EXERCISE
Retype the whole of the data exactly.
··· SUPPLIED DATA
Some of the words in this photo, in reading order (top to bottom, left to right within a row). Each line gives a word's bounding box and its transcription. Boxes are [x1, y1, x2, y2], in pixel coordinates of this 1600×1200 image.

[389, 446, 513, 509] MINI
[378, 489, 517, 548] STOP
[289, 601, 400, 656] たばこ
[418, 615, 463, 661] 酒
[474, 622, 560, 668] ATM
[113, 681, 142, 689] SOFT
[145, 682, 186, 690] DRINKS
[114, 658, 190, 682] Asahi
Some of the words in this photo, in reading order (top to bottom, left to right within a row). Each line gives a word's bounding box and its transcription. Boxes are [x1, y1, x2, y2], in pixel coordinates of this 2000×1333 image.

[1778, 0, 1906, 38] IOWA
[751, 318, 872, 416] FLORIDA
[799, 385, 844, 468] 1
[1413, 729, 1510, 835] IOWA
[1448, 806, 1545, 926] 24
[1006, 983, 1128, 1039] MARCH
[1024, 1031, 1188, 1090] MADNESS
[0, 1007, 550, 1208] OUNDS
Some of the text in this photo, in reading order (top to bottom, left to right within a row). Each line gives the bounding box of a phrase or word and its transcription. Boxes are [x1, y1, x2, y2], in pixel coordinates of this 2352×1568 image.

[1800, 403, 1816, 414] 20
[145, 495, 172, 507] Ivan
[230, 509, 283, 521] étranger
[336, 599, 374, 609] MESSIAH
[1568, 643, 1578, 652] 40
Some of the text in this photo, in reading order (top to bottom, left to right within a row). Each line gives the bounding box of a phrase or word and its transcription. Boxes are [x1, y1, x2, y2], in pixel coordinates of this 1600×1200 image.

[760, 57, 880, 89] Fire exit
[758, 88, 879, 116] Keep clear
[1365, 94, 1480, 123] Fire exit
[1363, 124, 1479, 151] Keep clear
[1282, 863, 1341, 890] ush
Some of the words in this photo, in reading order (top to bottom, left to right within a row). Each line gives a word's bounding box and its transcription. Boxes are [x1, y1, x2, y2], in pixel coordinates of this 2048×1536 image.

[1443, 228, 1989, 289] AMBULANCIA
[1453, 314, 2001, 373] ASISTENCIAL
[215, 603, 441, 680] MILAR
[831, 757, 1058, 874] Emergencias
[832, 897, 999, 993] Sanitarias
······
RESPONSE AREA
Some of the words in this photo, in reading order (top to bottom, left to right within a row). Each line gives a word's bounding box and its transcription. Boxes are [x1, y1, x2, y2], in pixel coordinates of this 1600×1200 image.

[389, 446, 513, 509] MINI
[378, 489, 517, 548] STOP
[289, 601, 400, 656] たばこ
[418, 615, 463, 661] 酒
[474, 622, 560, 668] ATM
[113, 681, 142, 689] SOFT
[145, 682, 186, 690] DRINKS
[114, 658, 190, 682] Asahi
Some of the words in this photo, in reading order (top to bottom, left to right within a row). Each line gives a word's bounding box and its transcription. Boxes are [x1, y1, x2, y2], in pixel coordinates of this 2000×1333 image.

[1778, 0, 1906, 38] IOWA
[751, 318, 872, 416] FLORIDA
[799, 385, 844, 468] 1
[1413, 729, 1510, 835] IOWA
[1448, 806, 1545, 926] 24
[1006, 983, 1128, 1039] MARCH
[1024, 1031, 1188, 1090] MADNESS
[0, 1007, 550, 1208] OUNDS
Some of the text in this photo, in reading order (top to bottom, left to right within a row). Each line gives the bounding box of a phrase or word and its transcription. Boxes are [x1, y1, x2, y2], in pixel coordinates of this 2352×1568 image.

[1800, 403, 1816, 414] 20
[145, 495, 172, 507] Ivan
[230, 509, 283, 521] étranger
[336, 599, 374, 609] MESSIAH
[1568, 643, 1578, 652] 40
Some of the text in this photo, in reading order (top to bottom, left to right within a row). Each line gives the bounding box of a phrase or word and its transcription. Boxes are [x1, y1, x2, y2], in pixel coordinates of this 1600×1200 image.

[760, 57, 880, 89] Fire exit
[758, 88, 879, 116] Keep clear
[1365, 94, 1480, 123] Fire exit
[1363, 124, 1479, 151] Keep clear
[1282, 863, 1341, 890] ush
Some of the words in this photo, in reading order (top to bottom, left to right within a row). Each line gives a word's bounding box and its transcription. Boxes are [x1, y1, x2, y2], in pixel coordinates of this 2048×1536 image.

[1443, 228, 1989, 289] AMBULANCIA
[1453, 314, 2001, 373] ASISTENCIAL
[215, 603, 441, 680] MILAR
[831, 757, 1058, 874] Emergencias
[832, 897, 999, 993] Sanitarias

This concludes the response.